Semantic Type Assignment
-
Choose meaningful semantic types:
# IDs should use ID stype
table['user_id'].stype = 'ID'
# Text descriptions should use text stype
table['description'].stype = 'text'
# Limited categories should use categorical stype
table['status'].stype = 'categorical'
# Numerical measurements should use numerical stype
table['amount'].stype = 'numerical'
# Important: Validate metadata before proceeding:
print(table.metadata)
Graph Construction
-
Design for meaningful relationships:
# Good: Meaningful entity relationships
graph = rfm.Graph.from_data({
'users': users_df, # Entity table
'transactions': transactions_df, # Event table linked to users
'products': products_df # Entity table linked via transactions
})
-
Ensure prediction-ready structure:
# Consider what PQL queries you want to run
# Example: "PREDICT COUNT(transactions.*, 0, 30, days) FOR users.user_id=1"
# Requires: users -> transactions relationship via user_id
# Requires: Timestamp at the transaction table
Common Data Modeling Patterns
Entity-Event Pattern
# Users (entity) with transactions (events)
users = pd.DataFrame({'user_id': [1, 2], 'name': ['Alice', 'Bob']})
transactions = pd.DataFrame({
'transaction_id': [1, 2, 3],
'user_id': [1, 1, 2],
'amount': [100, 50, 200],
'timestamp': ['2023-01-01', '2023-01-02', '2023-01-03']
})
Hierarchical Entities
# Multiple levels: company -> department -> employee
companies = pd.DataFrame({'company_id': [1, 2], 'company_name': ['ACME', 'TechCorp']})
departments = pd.DataFrame({'dept_id': [1, 2], 'company_id': [1, 1], 'dept_name': ['Engineering', 'Sales']})
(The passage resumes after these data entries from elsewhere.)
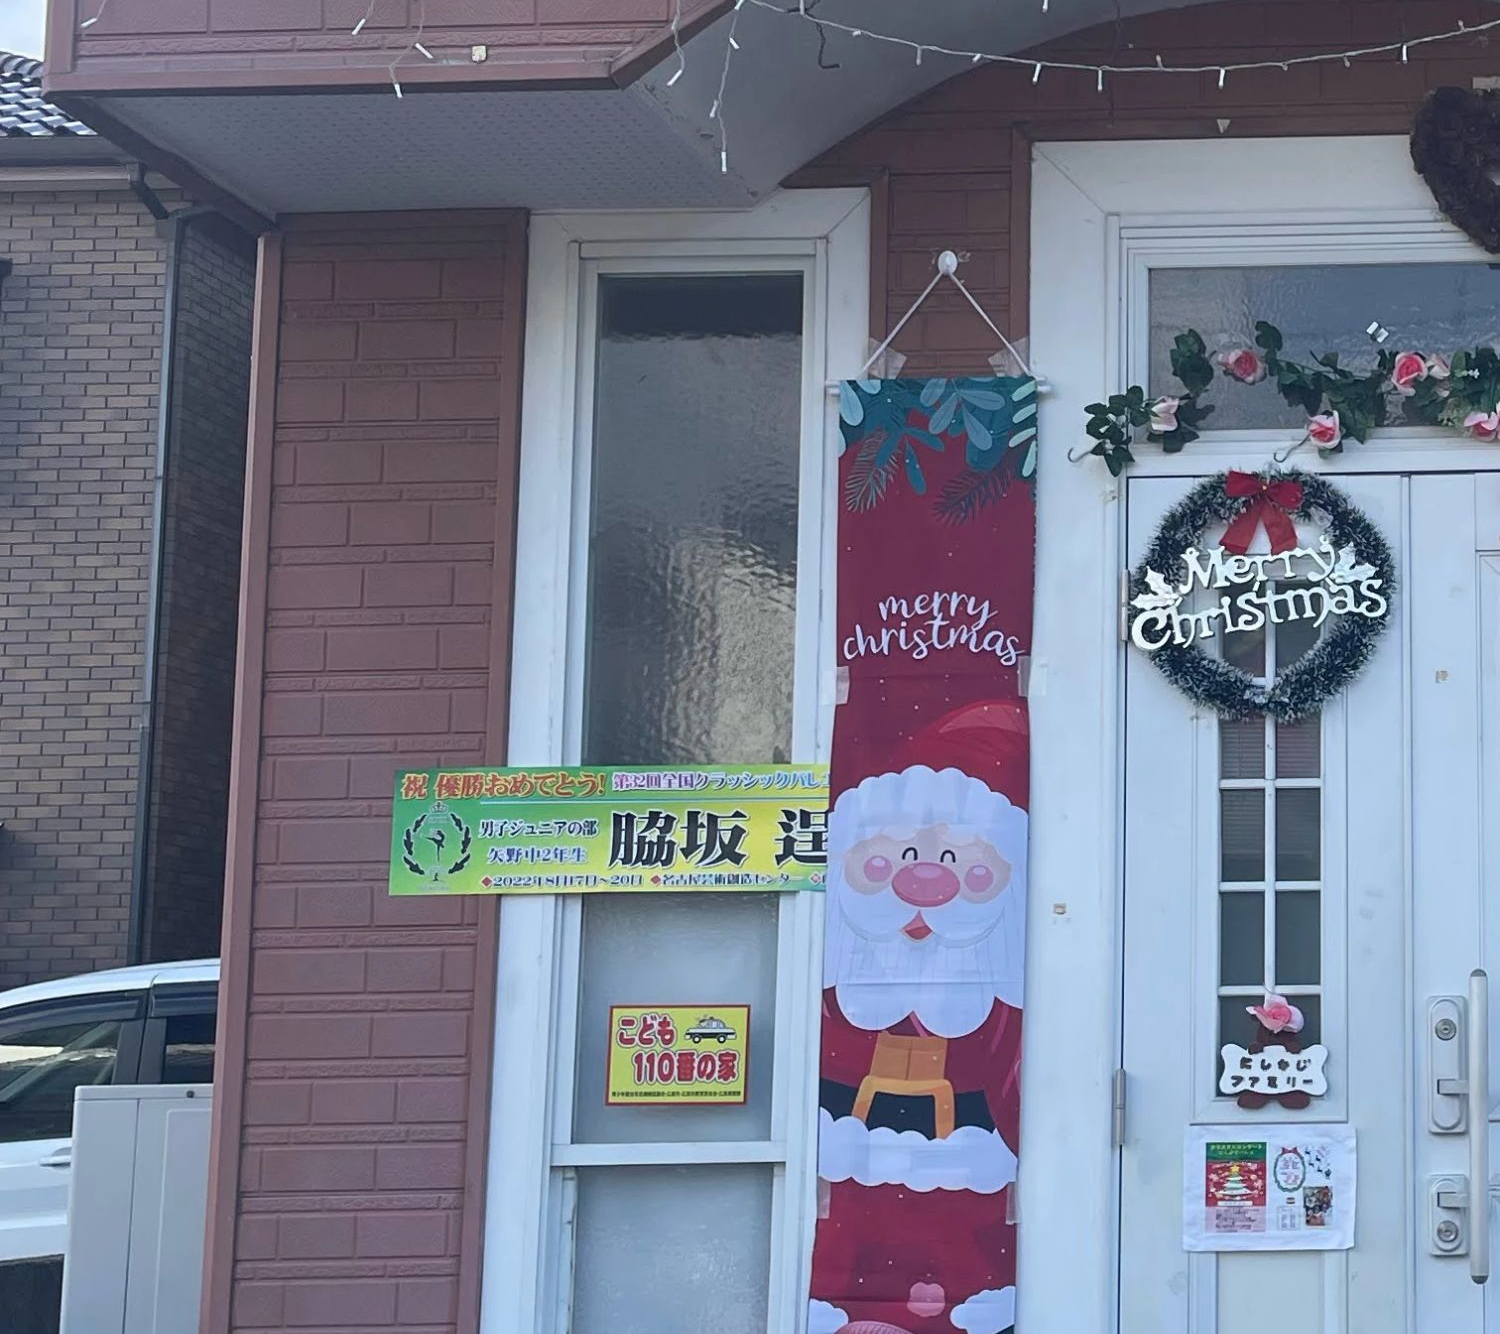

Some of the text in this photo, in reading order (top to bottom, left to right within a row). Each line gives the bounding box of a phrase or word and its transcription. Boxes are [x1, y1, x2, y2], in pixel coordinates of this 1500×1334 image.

[1178, 536, 1335, 595] Merry
[878, 591, 999, 632] merry
[1131, 578, 1388, 650] Christmas
[843, 612, 1026, 666] christmas
[401, 773, 428, 800] 祝
[480, 819, 598, 837] 男子ジュニアの部
[608, 809, 748, 868] 脇坂
[489, 847, 586, 864] 矢野中2年生
[618, 1014, 676, 1046] こども
[633, 1050, 738, 1082] 110番の家
[1239, 1056, 1312, 1072] にしかじ
[1230, 1074, 1314, 1089] ファミリー
employees = pd.DataFrame({'emp_id': [1, 2, 3], 'dept_id': [1, 1, 2], 'emp_name': ['Alice', 'Bob', 'Charlie']})
Junction Table for Many-to-Many
# Products and categories with many-to-many relationship
products = pd.DataFrame({'product_id': [1, 2], 'product_name': ['Laptop', 'Mouse']})
categories = pd.DataFrame({'category_id': [1, 2], 'category_name': ['Electronics', 'Accessories']})
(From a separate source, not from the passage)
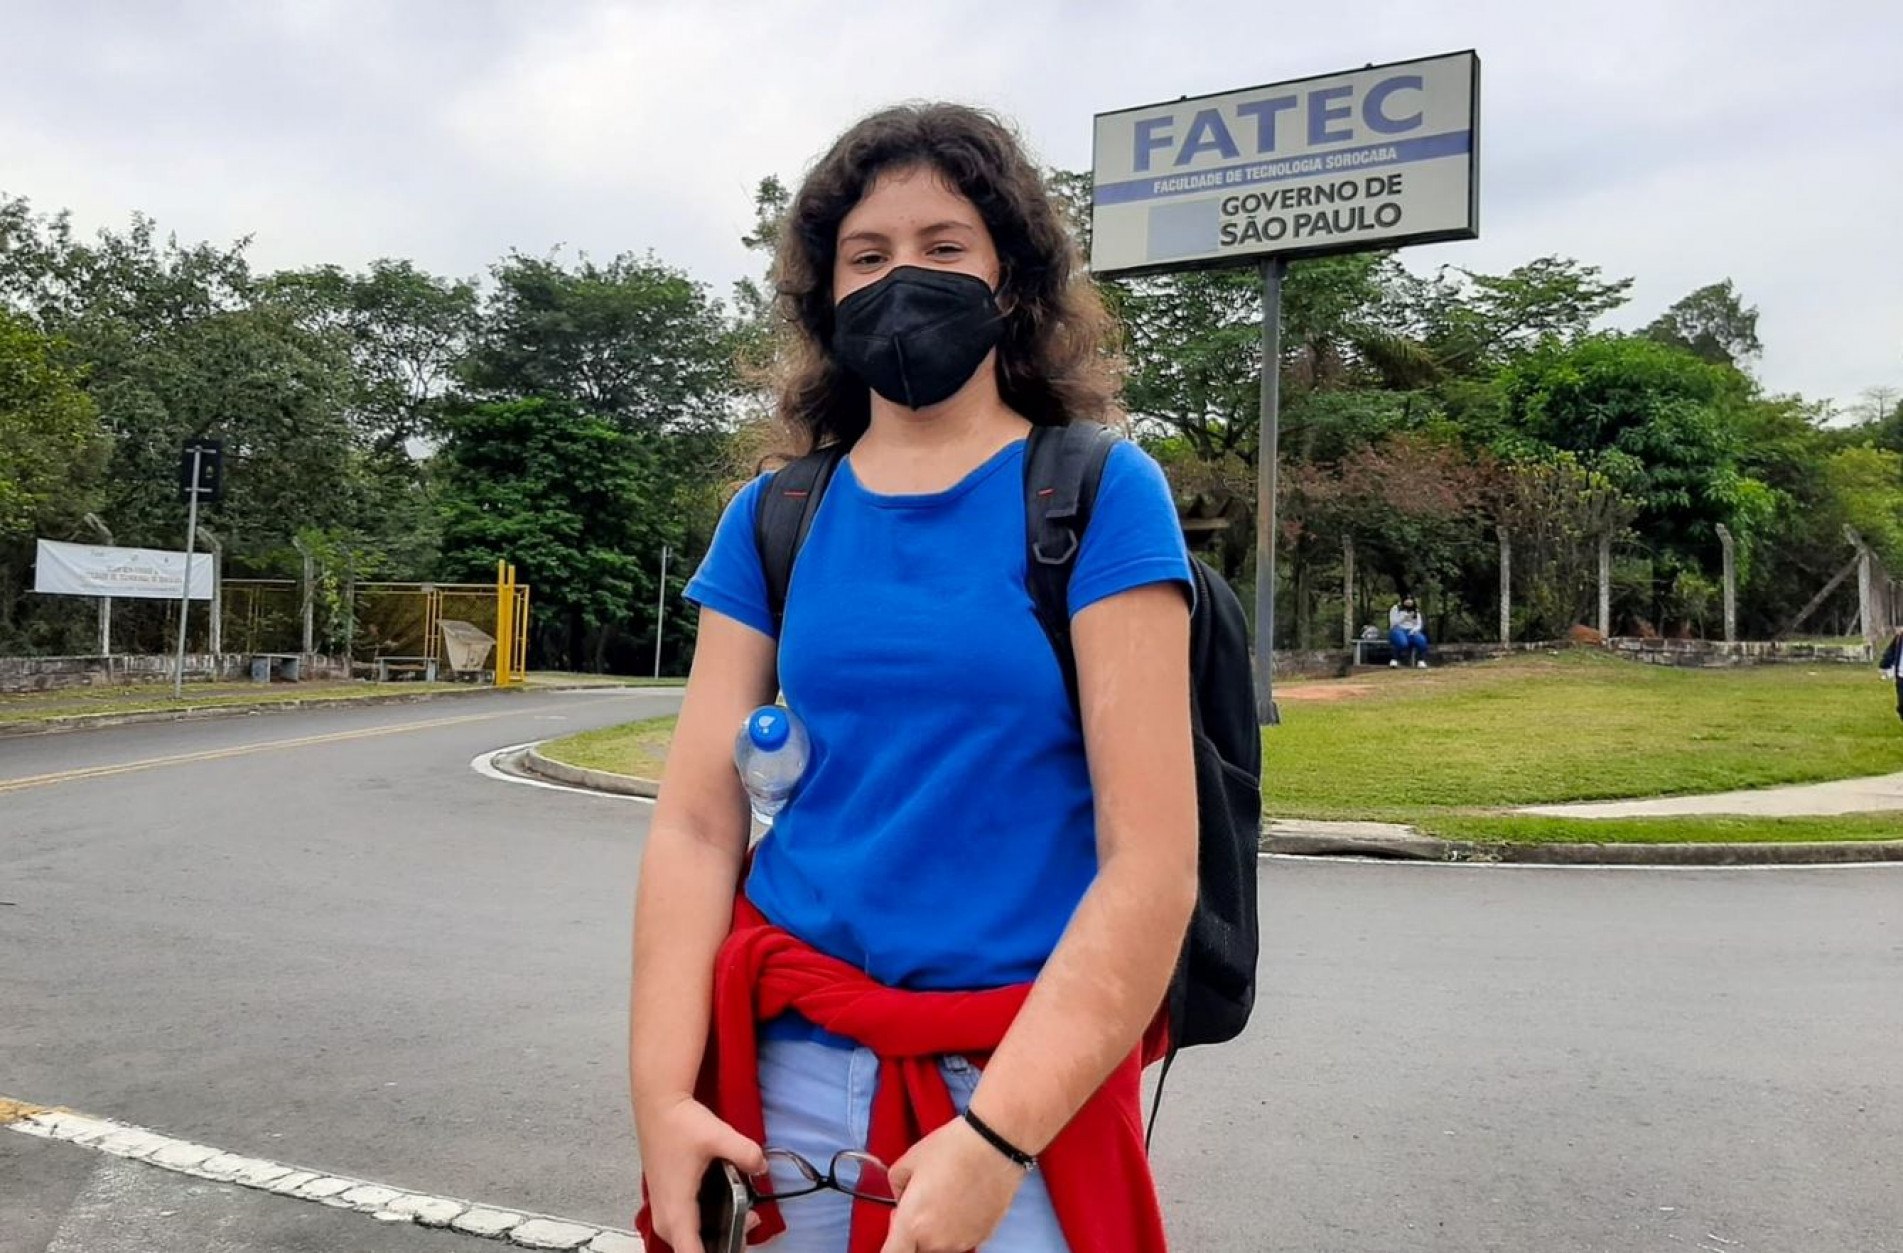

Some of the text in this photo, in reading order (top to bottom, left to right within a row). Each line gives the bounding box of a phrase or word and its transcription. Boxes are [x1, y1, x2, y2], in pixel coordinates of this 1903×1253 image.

product_categories = pd.DataFrame({
'product_category_id': [1, 2, 3],
'product_id': [1, 1, 2],
'category_id': [1, 2, 2]
})
Summary
Following these best practices will help ensure your KumoRFM datasets are well-structured, validated, and optimized for performance:
Table Design:
- One entity or event per table
- Single time column per table
- Unique primary keys with consistent naming
- Junction tables for many-to-many relationships
Data Preparation:
- Set proper pandas dtypes before creating tables
- Use meaningful semantic types (ID, categorical, text, numerical)
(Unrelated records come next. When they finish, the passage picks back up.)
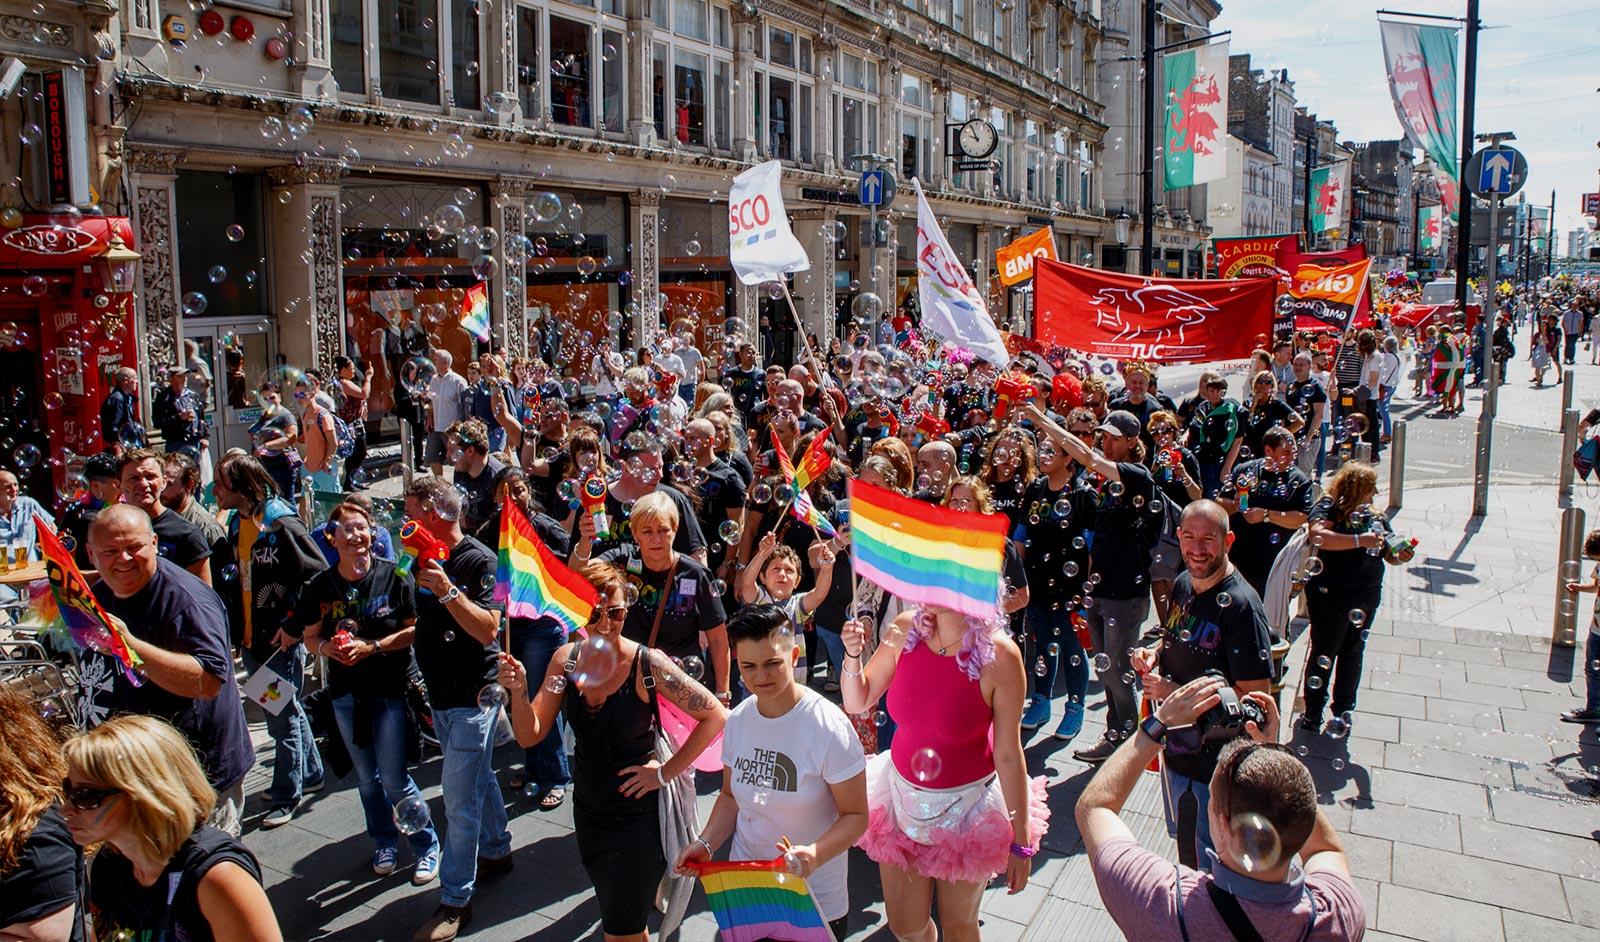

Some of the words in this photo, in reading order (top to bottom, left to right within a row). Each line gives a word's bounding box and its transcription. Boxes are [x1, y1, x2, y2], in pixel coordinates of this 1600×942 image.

[48, 83, 64, 180] BOROUGH
[66, 232, 77, 248] 8
[1242, 255, 1268, 264] UNION
[1130, 343, 1166, 360] TUC
[754, 747, 776, 764] THE
[733, 756, 774, 776] NORTH
[740, 771, 773, 789] FACE
- Validate metadata and semantic types before proceeding
Graph Structure:
- Design meaningful entity relationships
- Consider PQL query requirements in your structure
- Ensure single connected component
- Test with validation workflow
These patterns will help you create robust, queryable datasets that work effectively with KumoRFM’s predictive capabilities.